* **Description of the task**
Pictures are to be omitted. Output only the lines from the one containing "this 1660×934 image." through the end of the data, word for word.

BEGIN Dataset entries

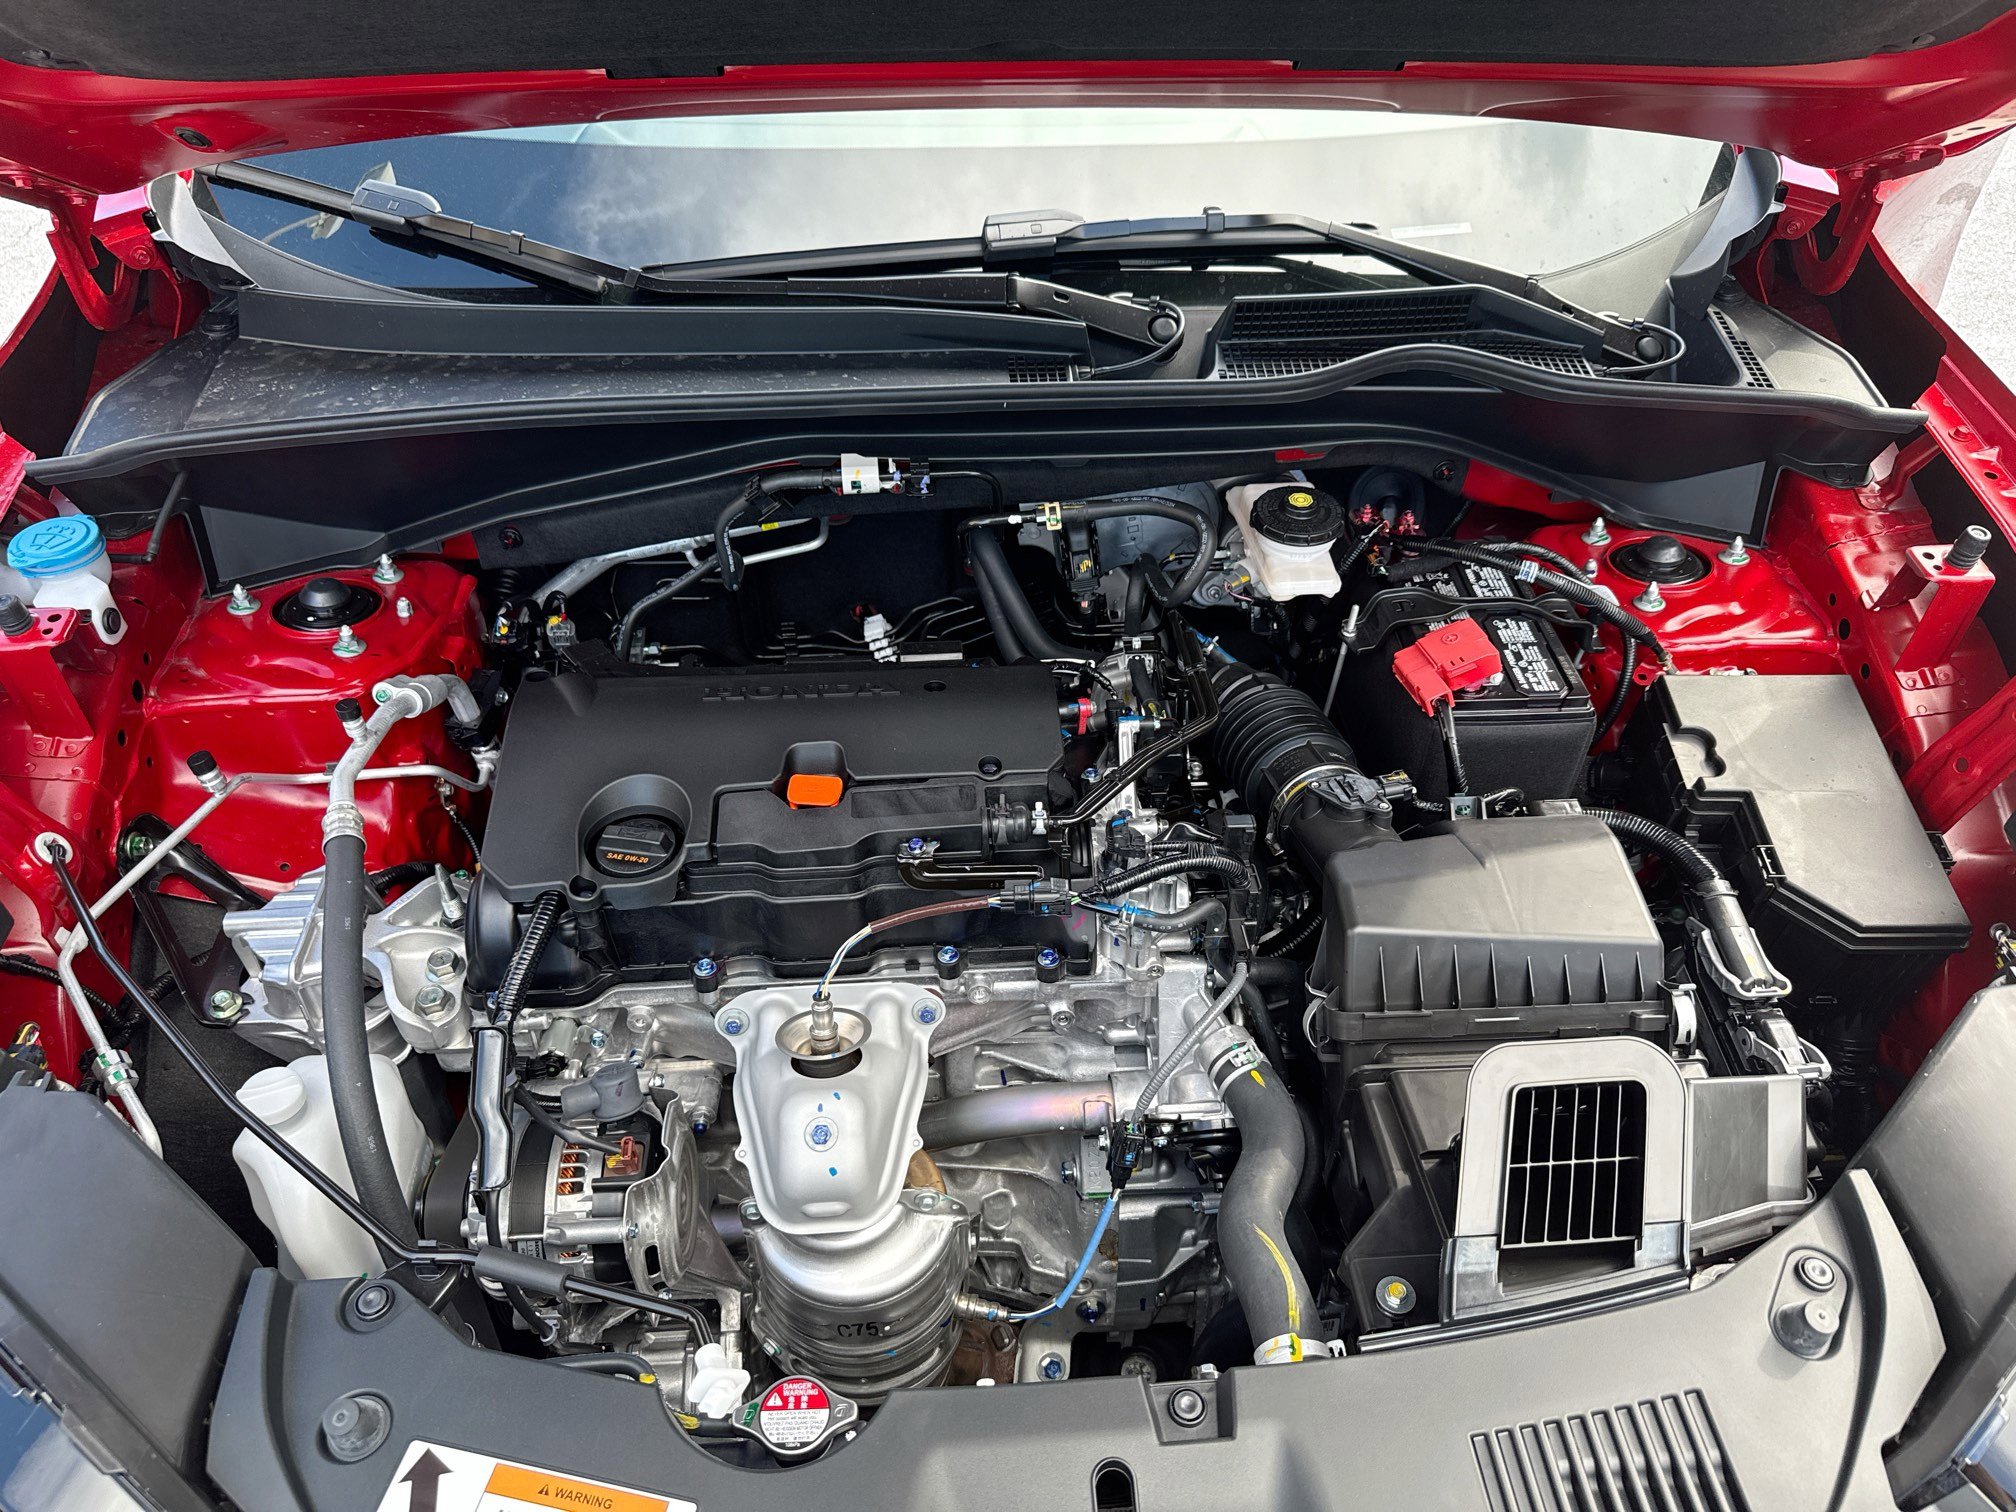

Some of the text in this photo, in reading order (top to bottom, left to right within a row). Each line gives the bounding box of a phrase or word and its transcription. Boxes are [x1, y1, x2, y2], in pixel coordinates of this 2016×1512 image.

[702, 682, 900, 701] HONDA
[606, 852, 649, 864] SAE 0W-20
[554, 1487, 614, 1510] WARNING
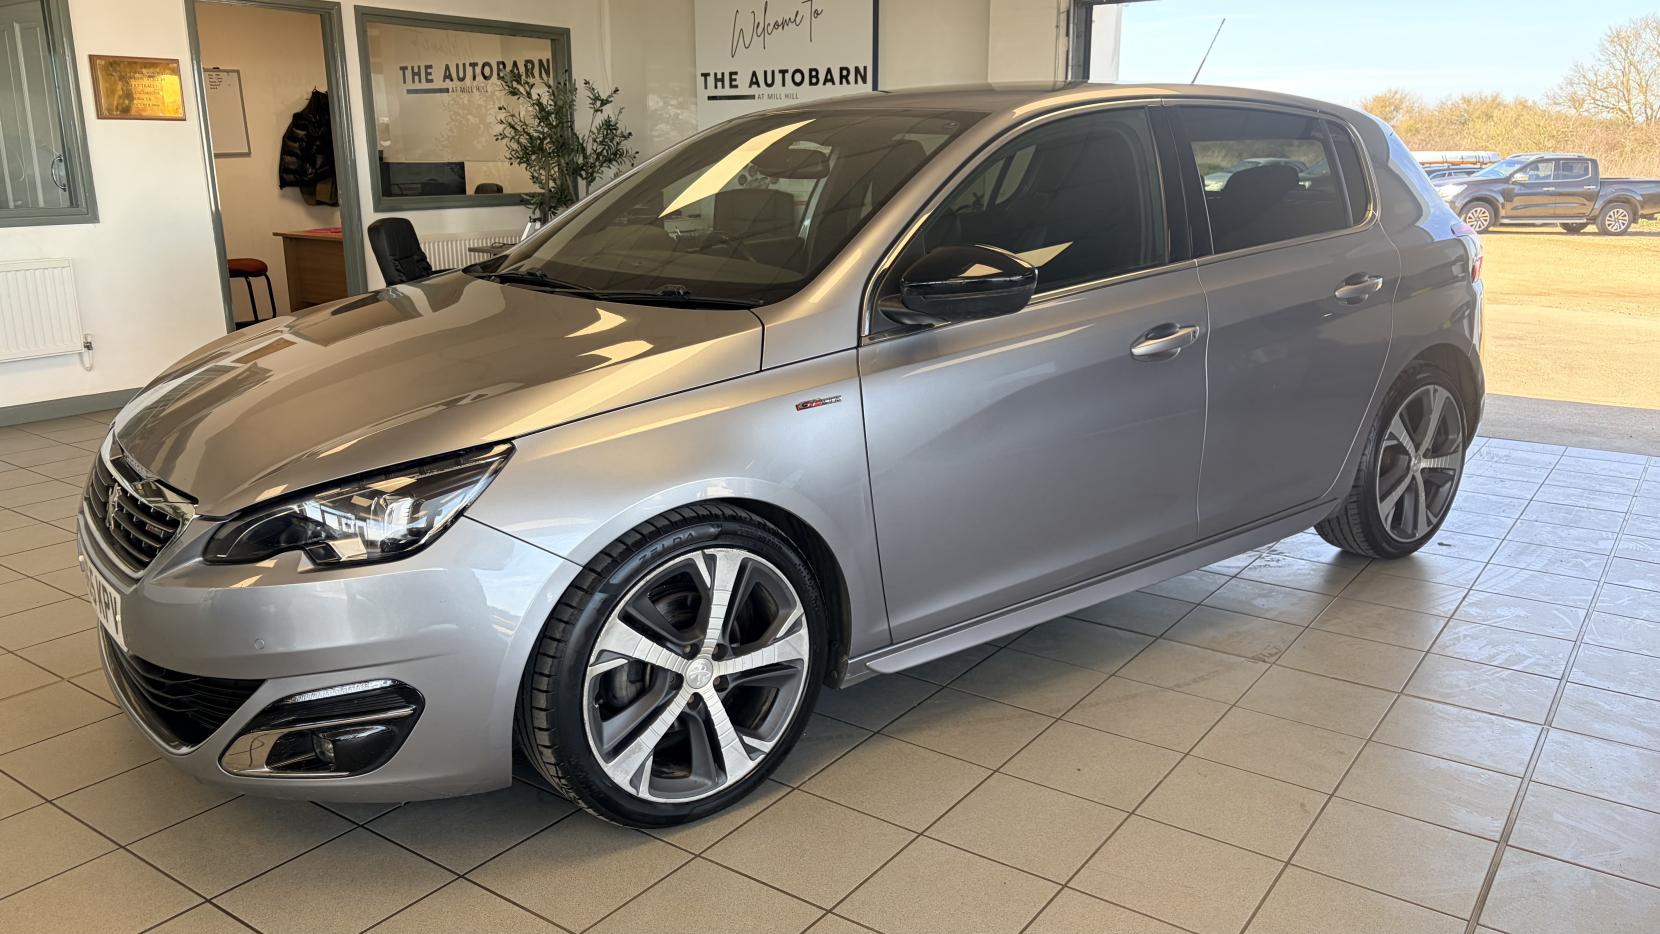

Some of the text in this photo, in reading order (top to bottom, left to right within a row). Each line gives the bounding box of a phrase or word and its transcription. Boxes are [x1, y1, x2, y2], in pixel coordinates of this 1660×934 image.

[730, 0, 823, 58] Welcome To
[399, 58, 551, 84] THE AUTOBARN
[701, 66, 867, 90] THE AUTOBARN
[767, 92, 782, 100] MILL
[784, 92, 799, 100] HILL
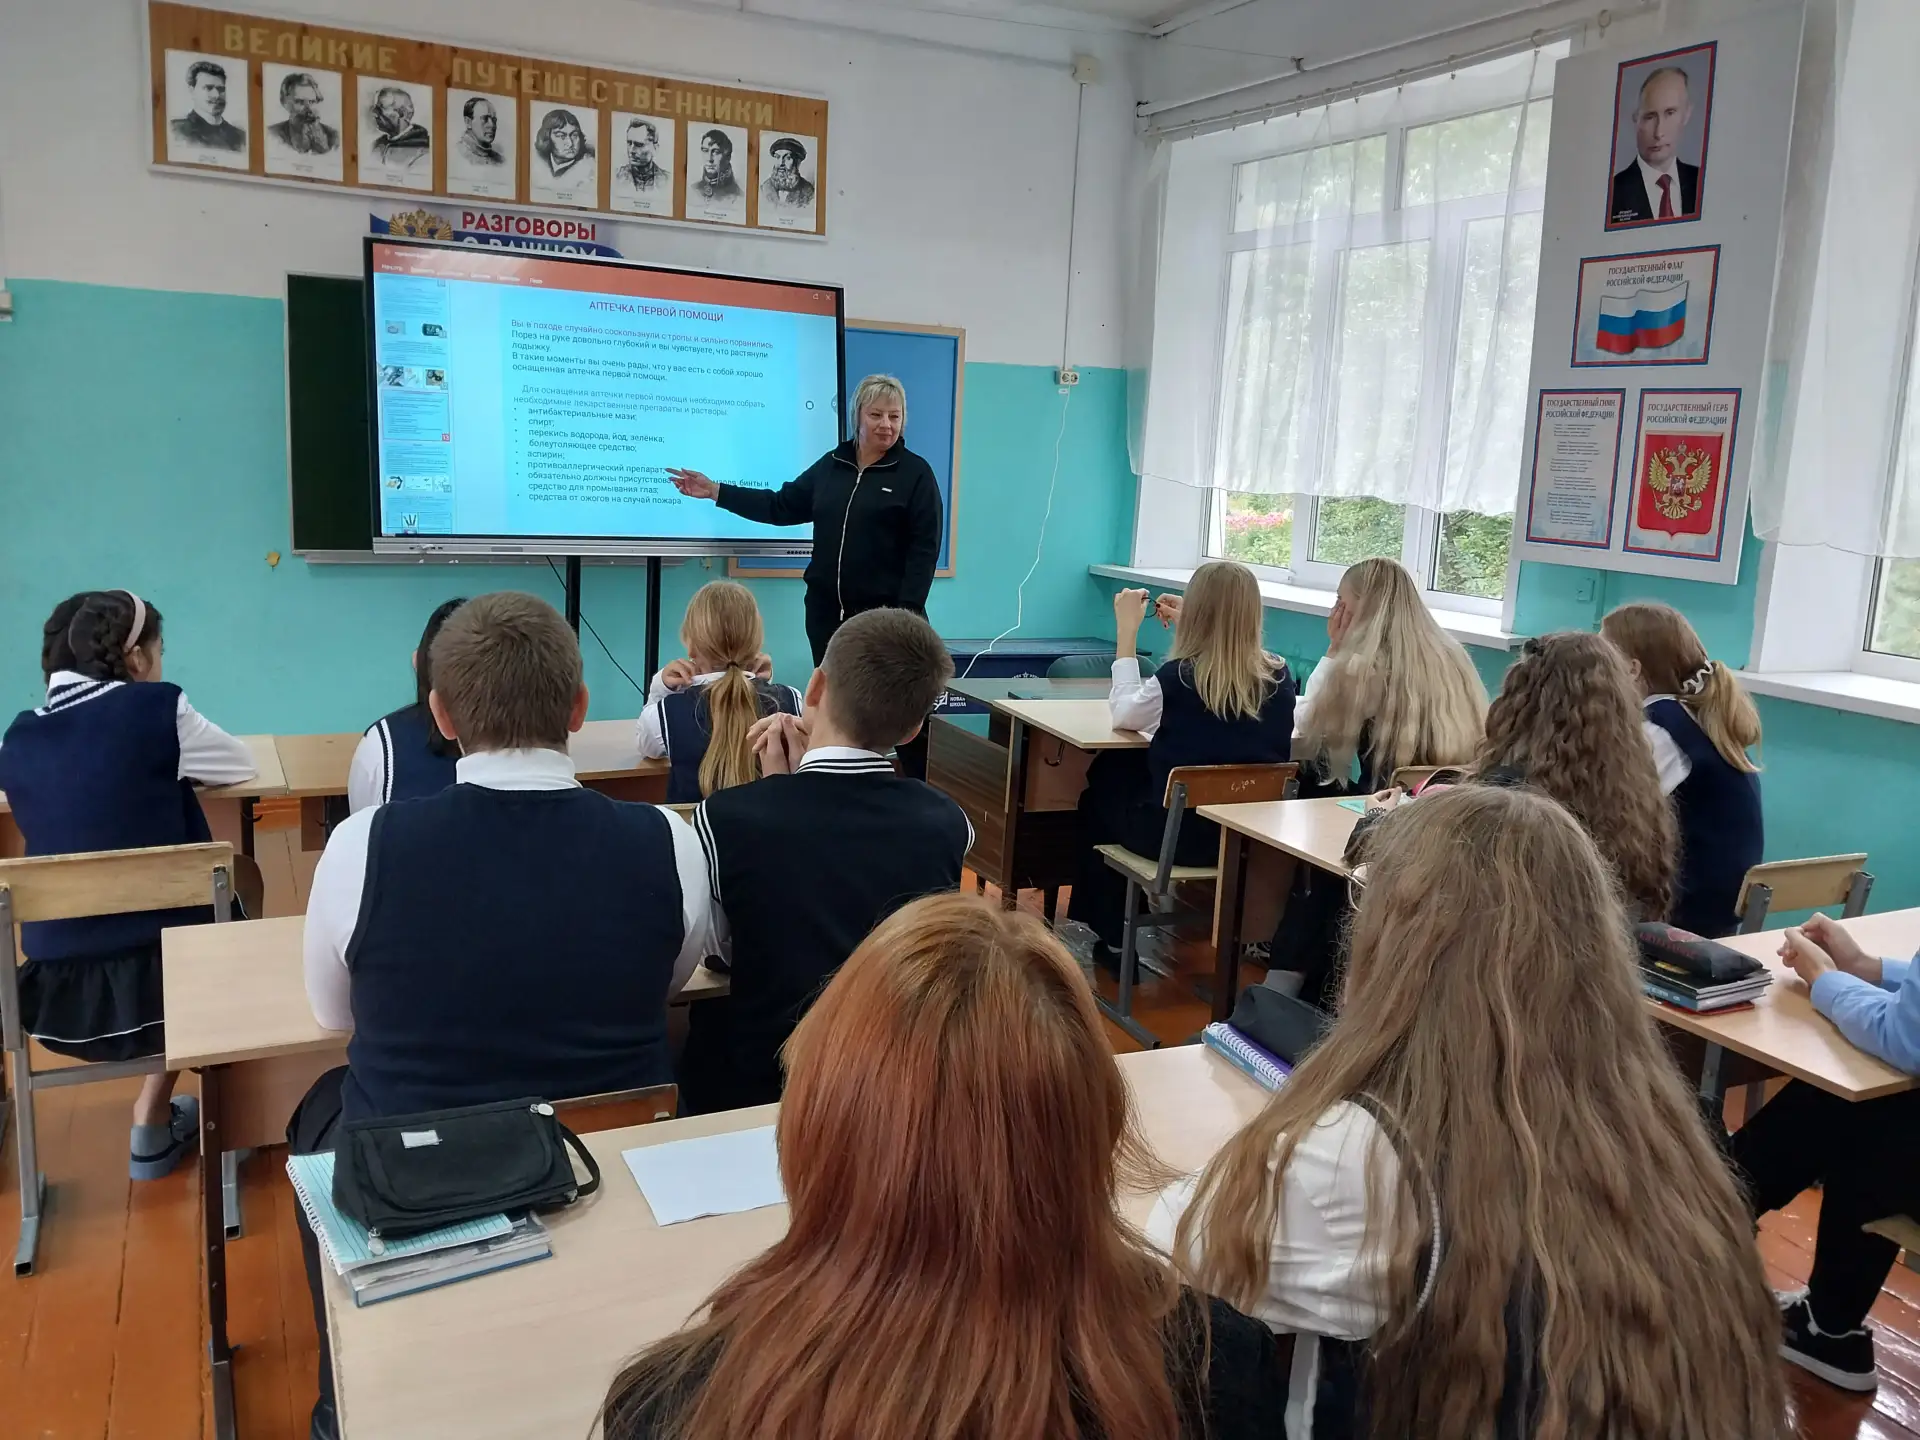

END Dataset entries

* **Response**
Some of the text in this photo, in reading order (top to bottom, left to right within a row). Each line gives the bounding box of a phrase or word and its transcription. Boxes are [x1, y1, x2, y2], in pixel coordinates of this 1660×934 image.

[730, 0, 823, 58] Welcome To
[399, 58, 551, 84] THE AUTOBARN
[701, 66, 867, 90] THE AUTOBARN
[767, 92, 782, 100] MILL
[784, 92, 799, 100] HILL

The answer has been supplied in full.